The problems of understanding faith and love in our present cultural climate have been well-rehearsed; love is commonly understood not as an act of will to seek the good of another, but as a mere desire, often out of our control entirely; faith is misunderstood as belief in something unprovable and is taken to be opposed to reason, as if reason's proofs did not rest on any act of faith.

Of the three theological virtues, however, I believe that hope is the most difficult to penetrate, for two reasons. First, we have too much stuff; a measure of deprivation and poverty is necessary to open the imagination to rewards beyond what we currently possess. Second, I believe that Webster's has it right: when we talk about 'hope' in common parlance, we usually refer to things that are fundamentally uncertain. "I hope it's not too hot later this week, but the way things are going..." "I hope that Fr. Jones isn't preaching today, but Fr. Smith is still on vacation..." "I hope that we can pull out of Iraq soon, but I doubt it." We designate one option as more desirable than another and so, as we have done with love, reduce what should be an act of will to a mere personal preference.

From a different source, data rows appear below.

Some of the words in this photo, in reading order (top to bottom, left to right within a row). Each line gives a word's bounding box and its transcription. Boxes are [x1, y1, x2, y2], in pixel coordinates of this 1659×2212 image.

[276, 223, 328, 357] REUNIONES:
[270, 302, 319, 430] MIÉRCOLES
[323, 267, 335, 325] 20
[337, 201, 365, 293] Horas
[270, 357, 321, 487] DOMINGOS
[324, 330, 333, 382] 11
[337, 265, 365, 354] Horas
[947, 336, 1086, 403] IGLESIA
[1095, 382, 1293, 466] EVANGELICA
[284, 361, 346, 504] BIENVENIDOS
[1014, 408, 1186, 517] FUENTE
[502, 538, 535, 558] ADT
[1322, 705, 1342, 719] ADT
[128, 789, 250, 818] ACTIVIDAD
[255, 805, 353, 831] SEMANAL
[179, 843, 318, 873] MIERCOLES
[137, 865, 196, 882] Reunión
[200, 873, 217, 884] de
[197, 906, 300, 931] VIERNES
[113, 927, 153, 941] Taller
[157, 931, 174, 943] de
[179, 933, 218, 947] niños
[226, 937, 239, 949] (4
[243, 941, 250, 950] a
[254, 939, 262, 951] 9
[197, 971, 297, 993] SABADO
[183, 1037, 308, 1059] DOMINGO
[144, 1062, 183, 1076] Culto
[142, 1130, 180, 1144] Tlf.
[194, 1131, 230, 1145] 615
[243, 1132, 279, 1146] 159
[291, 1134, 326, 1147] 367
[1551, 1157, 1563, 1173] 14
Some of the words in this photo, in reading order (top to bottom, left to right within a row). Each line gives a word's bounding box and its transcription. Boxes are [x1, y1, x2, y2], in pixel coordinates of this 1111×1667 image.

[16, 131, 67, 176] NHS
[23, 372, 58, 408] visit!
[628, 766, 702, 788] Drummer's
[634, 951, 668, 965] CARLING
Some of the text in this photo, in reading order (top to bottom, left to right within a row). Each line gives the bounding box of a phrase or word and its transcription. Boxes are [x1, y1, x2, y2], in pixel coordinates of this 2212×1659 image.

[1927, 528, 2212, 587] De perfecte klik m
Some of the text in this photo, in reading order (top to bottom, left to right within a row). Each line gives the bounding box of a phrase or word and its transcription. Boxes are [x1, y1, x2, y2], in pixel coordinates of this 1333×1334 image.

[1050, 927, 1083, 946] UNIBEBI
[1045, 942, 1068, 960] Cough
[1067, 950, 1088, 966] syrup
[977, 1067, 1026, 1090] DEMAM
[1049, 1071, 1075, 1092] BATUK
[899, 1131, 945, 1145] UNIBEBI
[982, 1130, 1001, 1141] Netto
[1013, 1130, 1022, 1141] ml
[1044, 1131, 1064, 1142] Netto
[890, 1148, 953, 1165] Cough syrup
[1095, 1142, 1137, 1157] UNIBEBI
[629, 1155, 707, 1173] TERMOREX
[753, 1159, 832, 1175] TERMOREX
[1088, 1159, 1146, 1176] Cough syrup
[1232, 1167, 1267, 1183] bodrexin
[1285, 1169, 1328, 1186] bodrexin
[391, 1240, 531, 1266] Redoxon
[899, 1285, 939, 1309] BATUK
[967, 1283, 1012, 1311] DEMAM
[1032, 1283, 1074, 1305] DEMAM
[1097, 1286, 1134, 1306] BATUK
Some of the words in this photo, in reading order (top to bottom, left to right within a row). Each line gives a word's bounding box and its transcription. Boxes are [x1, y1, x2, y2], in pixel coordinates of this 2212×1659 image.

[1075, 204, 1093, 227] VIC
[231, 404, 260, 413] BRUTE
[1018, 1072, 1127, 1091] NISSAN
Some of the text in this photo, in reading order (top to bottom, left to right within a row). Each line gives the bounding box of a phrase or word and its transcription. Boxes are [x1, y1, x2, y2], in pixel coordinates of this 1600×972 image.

These thoughts came about during my current lectio on the Psalms, which I am attempting to do as far as I can in the original Hebrew. The words usually translated as 'hope' (there are two or three) generally more literally mean, 'to expect' (like the Latin exspecto, which is etymologically related to spero, to hope). The idea here is that because God is chesed--faithful, we should oppose anxieties and fears by an act of will that recognizes that God will triumph in the end, and we will be saved.

Fr. Aumann mentions the error of Jansenism being a denial of hope; I wonder if they weren't rather proto-modernists in redefining hope as merely a preference for salvation that may or may not come true, one that, in the words of Webster, carries 'little certainty'.